## DATA SHOWN
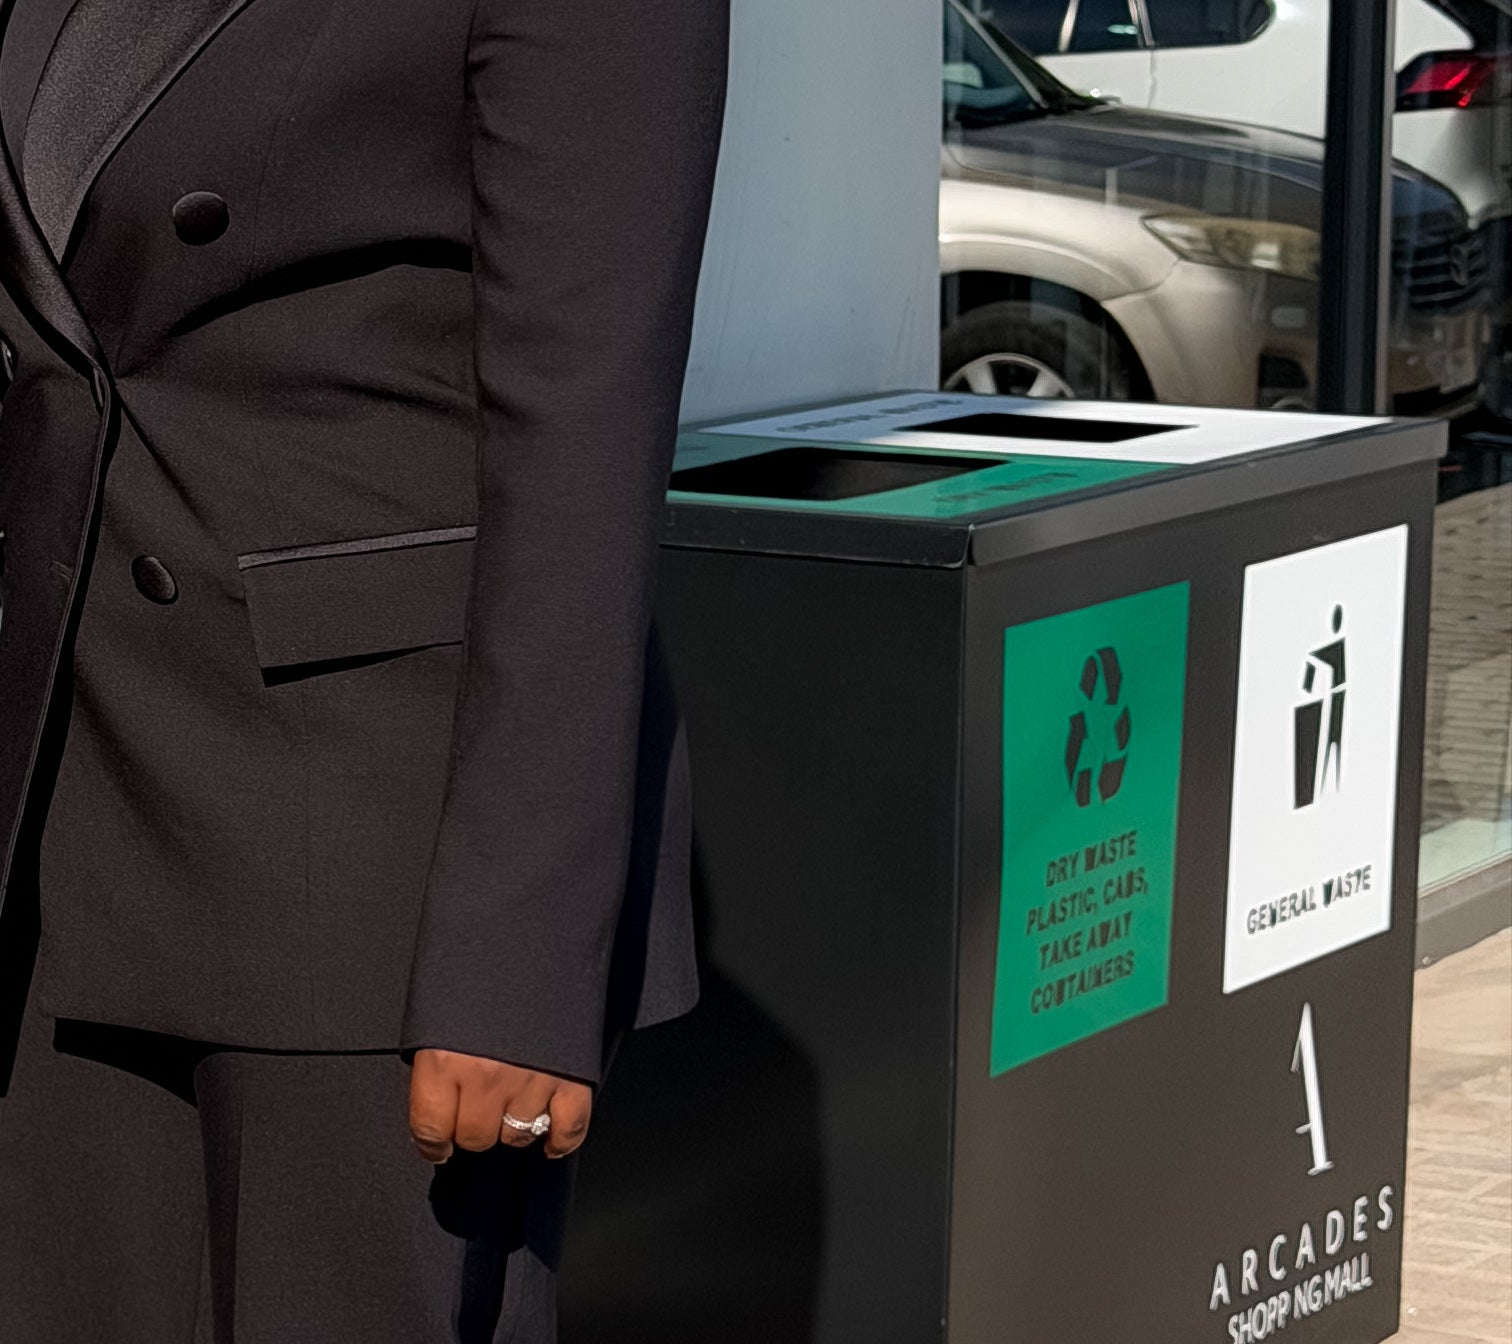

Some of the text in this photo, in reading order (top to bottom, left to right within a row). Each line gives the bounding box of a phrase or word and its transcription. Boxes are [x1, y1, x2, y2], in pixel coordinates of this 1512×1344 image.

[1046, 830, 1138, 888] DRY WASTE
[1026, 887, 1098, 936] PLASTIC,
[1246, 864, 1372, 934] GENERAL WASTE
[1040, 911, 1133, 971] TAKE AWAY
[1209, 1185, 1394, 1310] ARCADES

## TASK TO COMPLETE
Your answer must be the full listing, reproduced word for word, without its pictures.

## TASK SOLUTION
Some of the text in this photo, in reading order (top to bottom, left to right within a row). Each line gives the bounding box of a phrase or word and its transcription. Boxes are [x1, y1, x2, y2], in pixel coordinates of this 1512×1344 image.

[1046, 830, 1138, 888] DRY WASTE
[1026, 887, 1098, 936] PLASTIC,
[1246, 864, 1372, 934] GENERAL WASTE
[1040, 911, 1133, 971] TAKE AWAY
[1209, 1185, 1394, 1310] ARCADES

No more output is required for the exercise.